[HOW TO COMPLETE THIS TASK]
Your copy should repeat each record below exactly and contain no images.

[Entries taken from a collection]
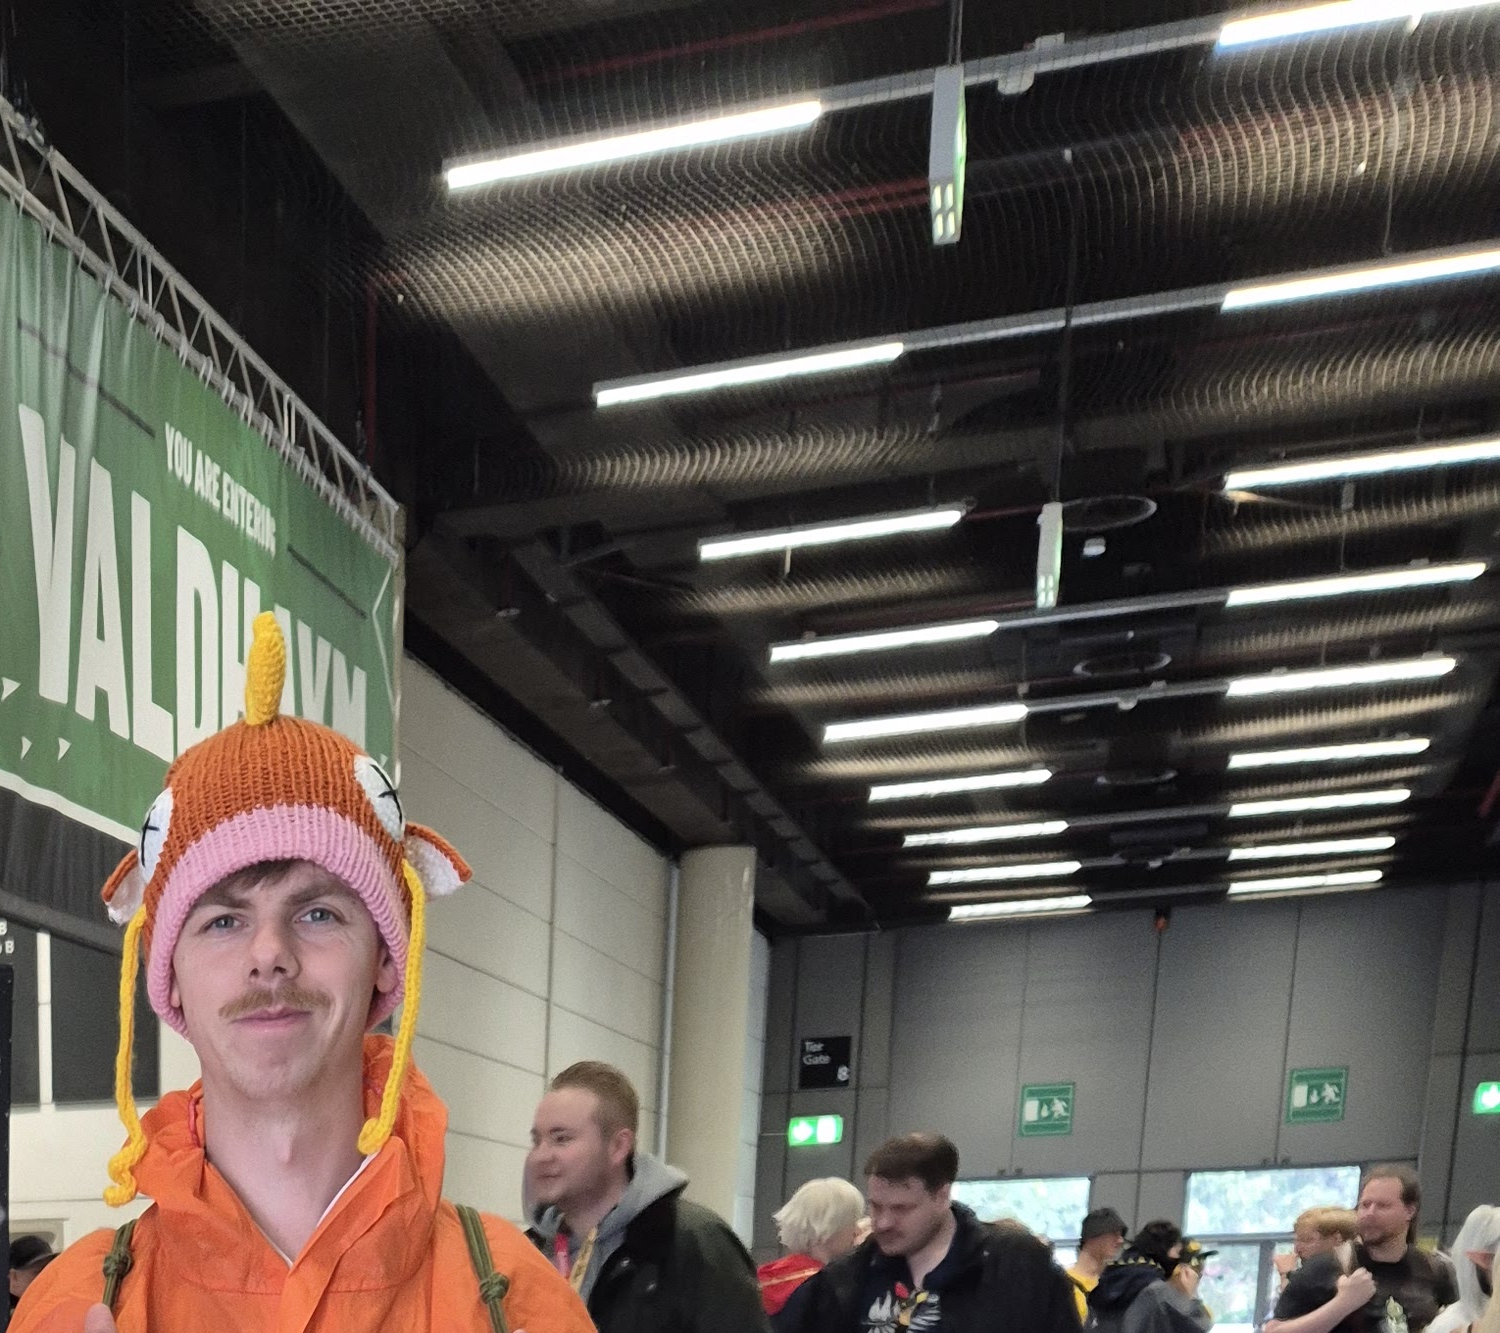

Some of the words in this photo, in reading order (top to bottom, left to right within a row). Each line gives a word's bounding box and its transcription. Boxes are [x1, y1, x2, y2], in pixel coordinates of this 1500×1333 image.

[165, 422, 192, 487] YOU
[194, 449, 221, 511] ARE
[5, 940, 15, 955] B
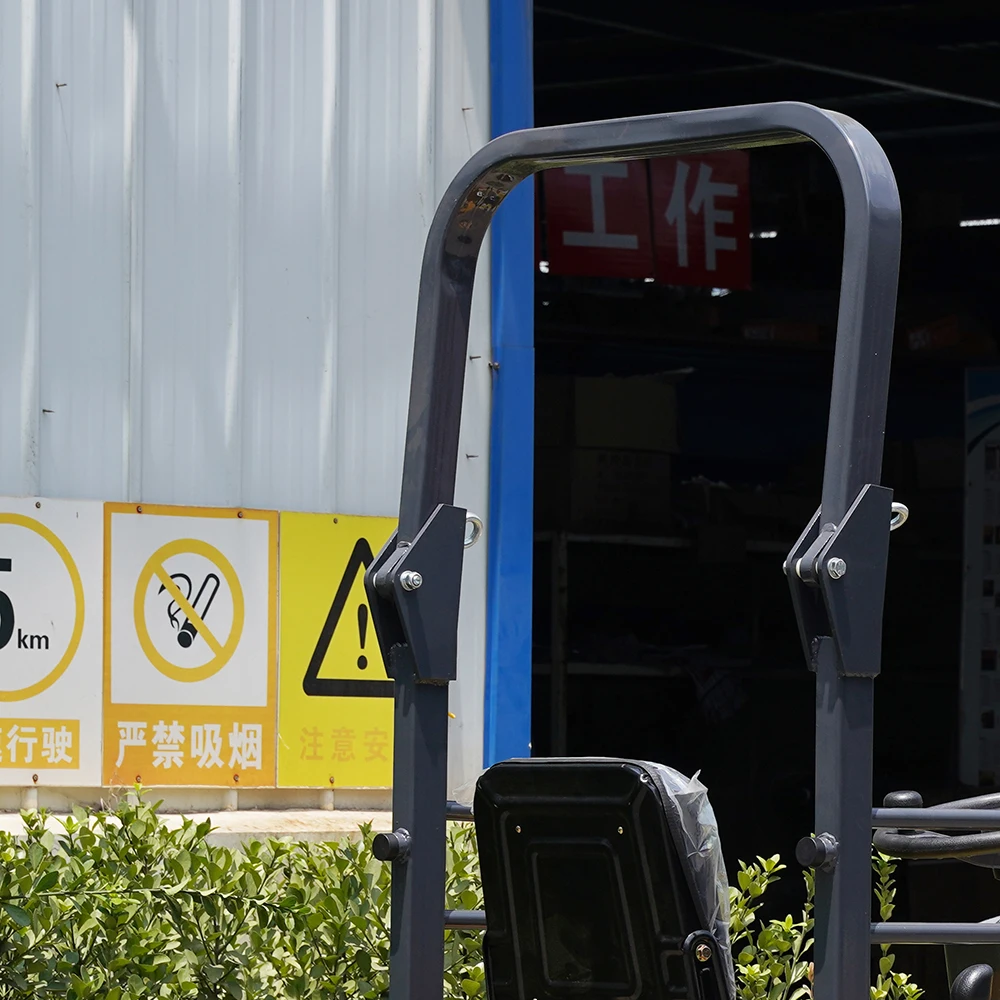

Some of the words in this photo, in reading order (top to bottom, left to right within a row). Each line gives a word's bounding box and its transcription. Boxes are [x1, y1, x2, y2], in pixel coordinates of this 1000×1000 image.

[562, 160, 739, 271] 工作
[0, 724, 73, 764] 行驶
[116, 720, 263, 770] 严禁吸烟
[300, 726, 389, 763] 注意安
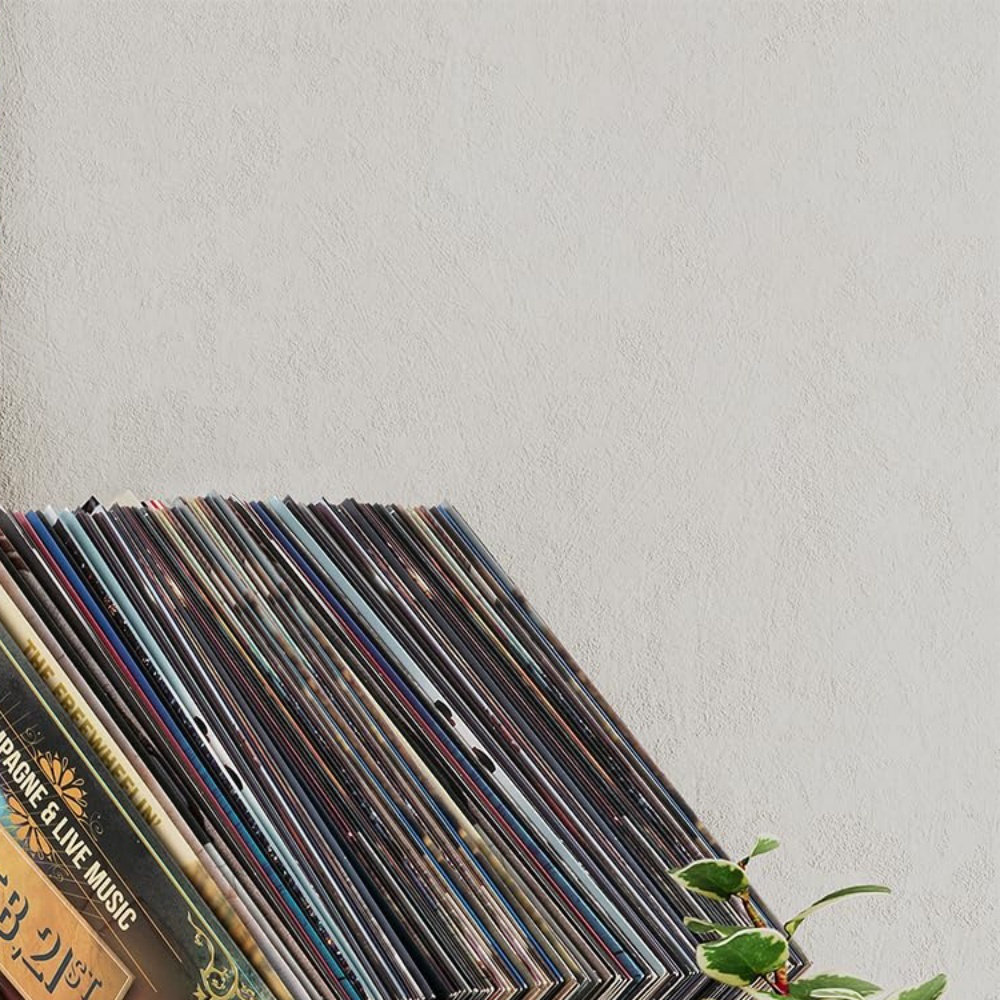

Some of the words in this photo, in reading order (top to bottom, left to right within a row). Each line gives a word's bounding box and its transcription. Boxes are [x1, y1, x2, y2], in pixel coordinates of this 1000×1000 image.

[24, 638, 56, 681] THE
[40, 801, 61, 827] &
[52, 816, 93, 870] LIVE
[83, 859, 137, 932] MUSIC
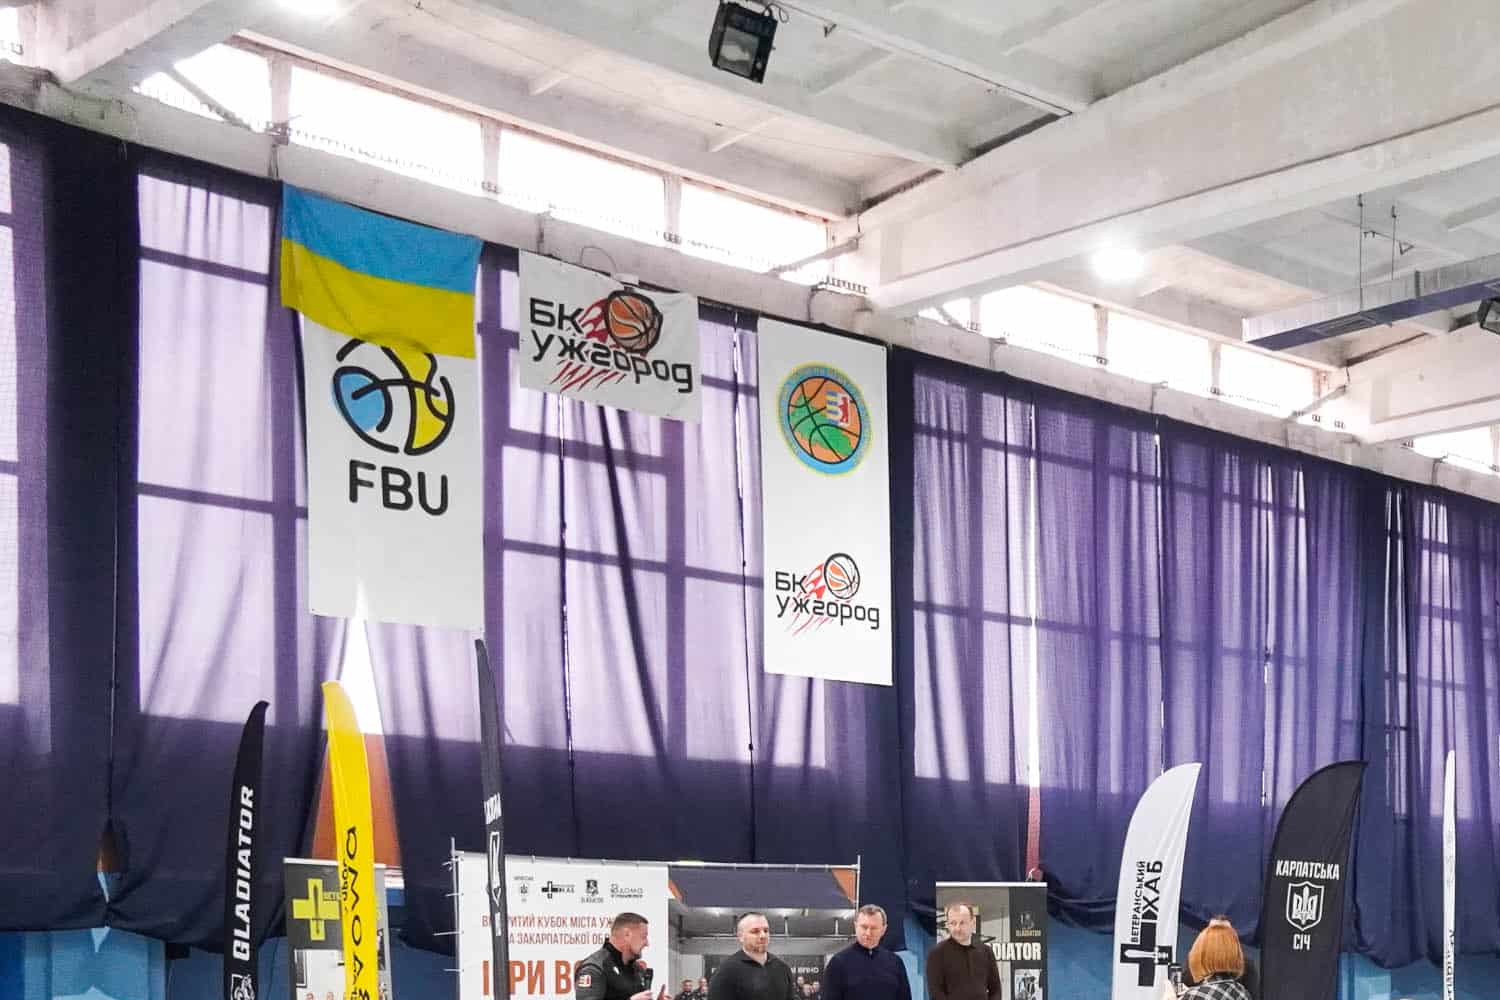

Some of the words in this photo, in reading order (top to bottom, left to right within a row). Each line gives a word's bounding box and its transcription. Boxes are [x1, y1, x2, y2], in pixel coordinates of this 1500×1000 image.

[530, 297, 584, 334] БК
[349, 459, 449, 516] FBU
[776, 571, 807, 594] БК
[233, 784, 254, 962] GLADIATOR
[1276, 859, 1340, 880] КАРПАТСЬКА
[1143, 860, 1162, 913] ХАБ
[1131, 860, 1145, 943] ВЕТЕРАНСЬКИЙ
[538, 914, 566, 928] КУБОК
[569, 914, 597, 928] МІСТА
[517, 932, 590, 946] ЗАКАРПАТСЬКОЇ
[990, 942, 1042, 961] DIATOR
[1293, 933, 1311, 951] СІЧ
[482, 960, 545, 995] ІРИ
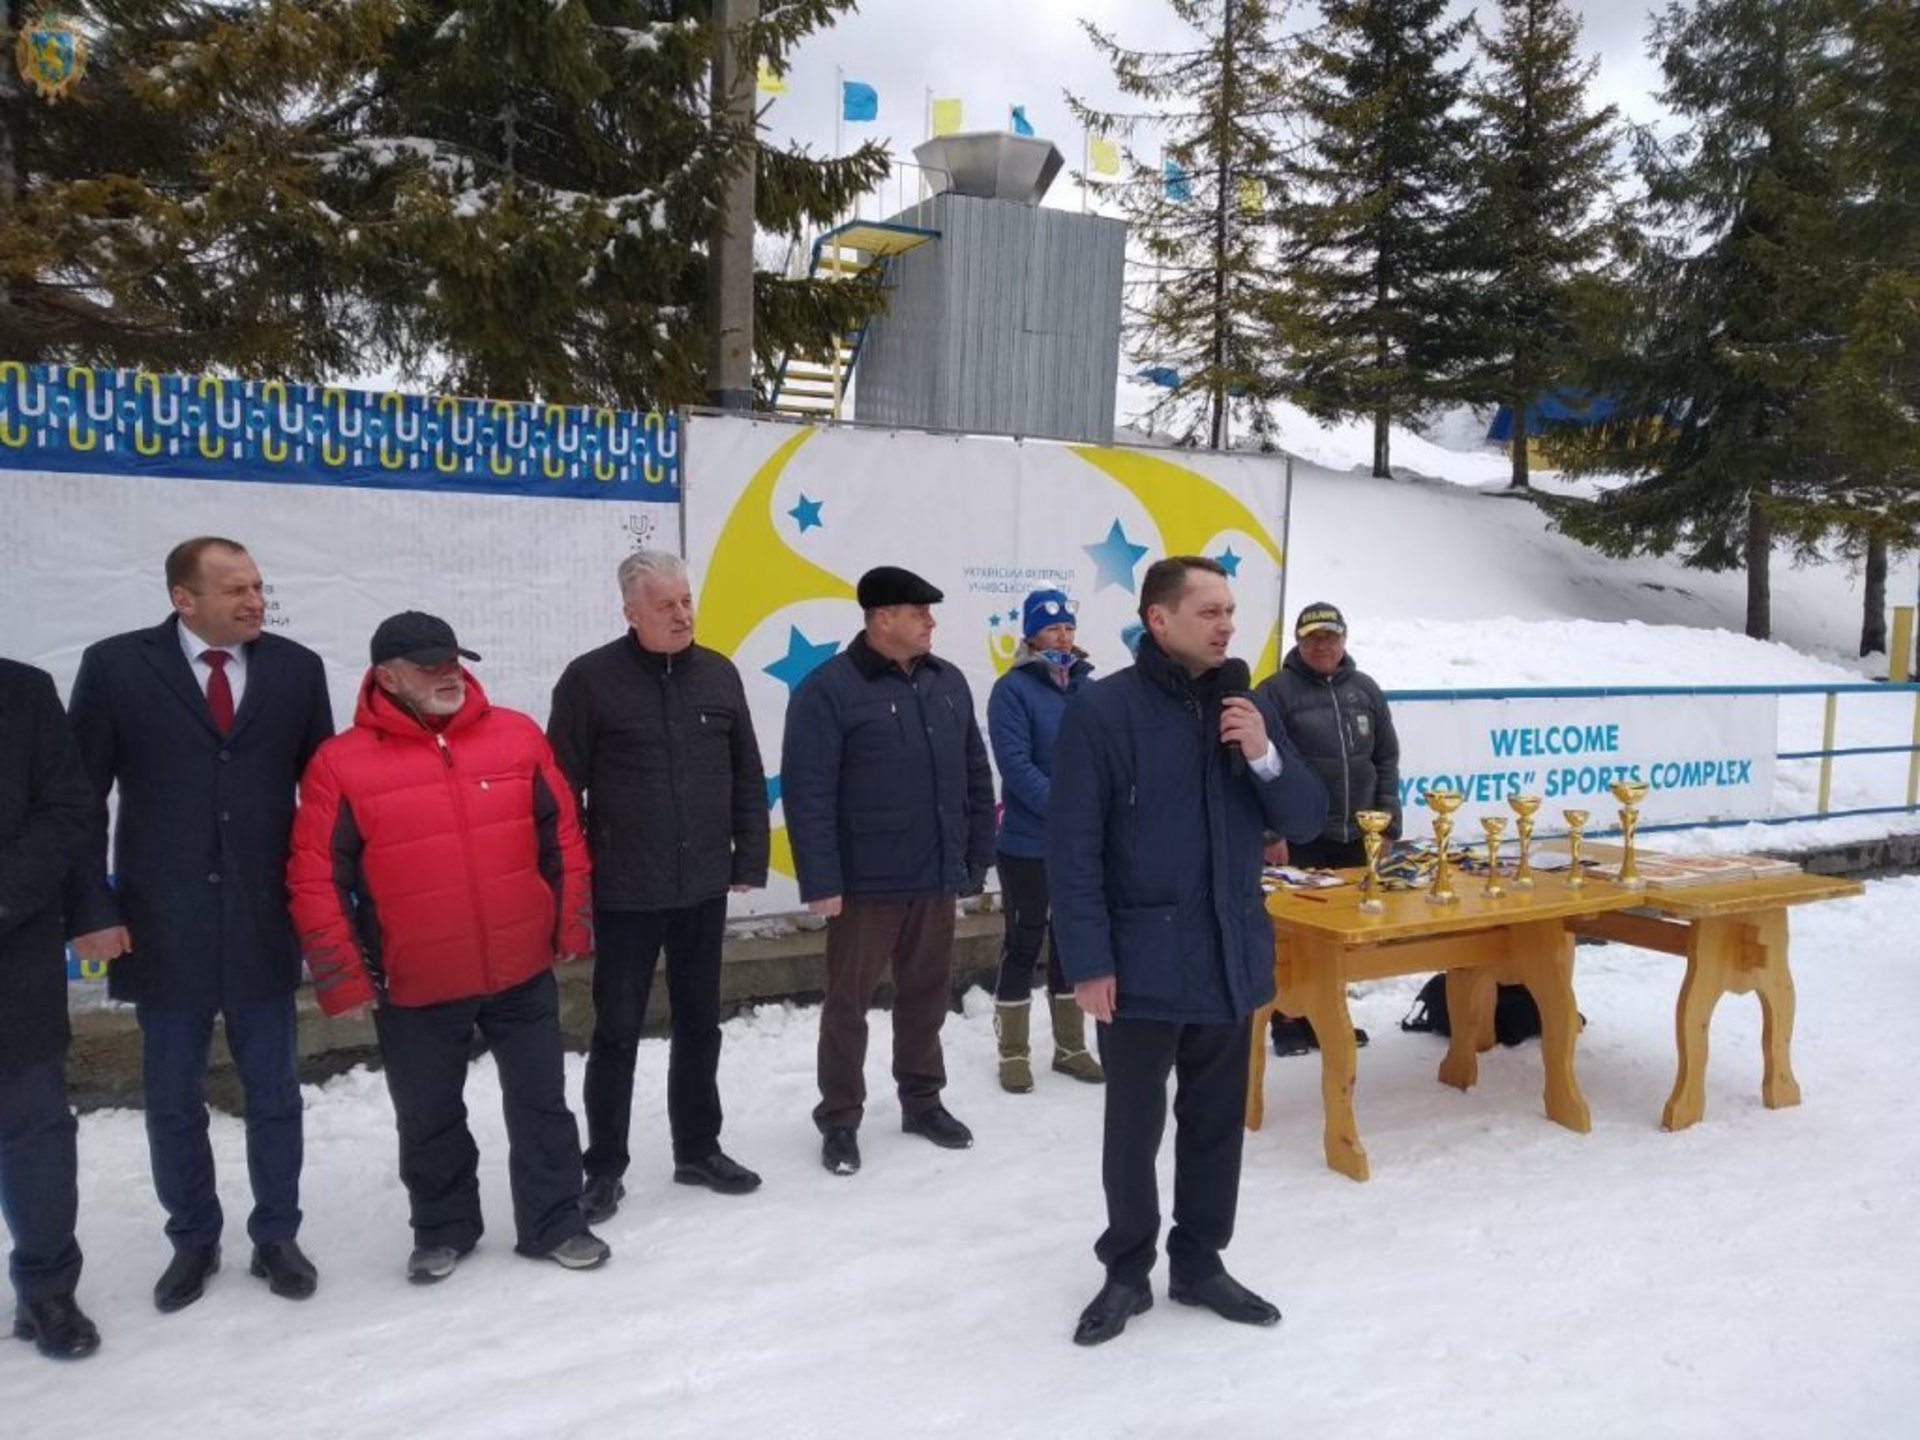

[FINAL ANSWER]
Some of the words in this photo, in reading order (top to bottom, left to right within a row). Each line gives a word's bounding box and its transcription. Boxes are [x1, y1, x2, y2], in pixel coordinates of this 1500×1333 image.

[165, 422, 192, 487] YOU
[194, 449, 221, 511] ARE
[5, 940, 15, 955] B

Some of the words in this photo, in reading order (top to bottom, left to right within a row). Each line gives a word's bounding box and its transcription. Boxes are [x1, y1, x2, y2], in pixel coordinates of this 1000×1000 image.

[562, 160, 739, 271] 工作
[0, 724, 73, 764] 行驶
[116, 720, 263, 770] 严禁吸烟
[300, 726, 389, 763] 注意安

Some of the words in this photo, in reading order (top to bottom, left to right within a row). Each line gives a word's bounding box and its transcription. Boxes are [x1, y1, x2, y2], in pixel coordinates of this 1000×1000 image.

[24, 638, 56, 681] THE
[40, 801, 61, 827] &
[52, 816, 93, 870] LIVE
[83, 859, 137, 932] MUSIC

Some of the words in this photo, in reading order (top to bottom, left to right within a row). Each line gives a word's bounding box and its transcription. Boxes are [x1, y1, x2, y2], in pixel coordinates of this 1500×1000 image.

[530, 297, 584, 334] БК
[349, 459, 449, 516] FBU
[776, 571, 807, 594] БК
[233, 784, 254, 962] GLADIATOR
[1276, 859, 1340, 880] КАРПАТСЬКА
[1143, 860, 1162, 913] ХАБ
[1131, 860, 1145, 943] ВЕТЕРАНСЬКИЙ
[538, 914, 566, 928] КУБОК
[569, 914, 597, 928] МІСТА
[517, 932, 590, 946] ЗАКАРПАТСЬКОЇ
[990, 942, 1042, 961] DIATOR
[1293, 933, 1311, 951] СІЧ
[482, 960, 545, 995] ІРИ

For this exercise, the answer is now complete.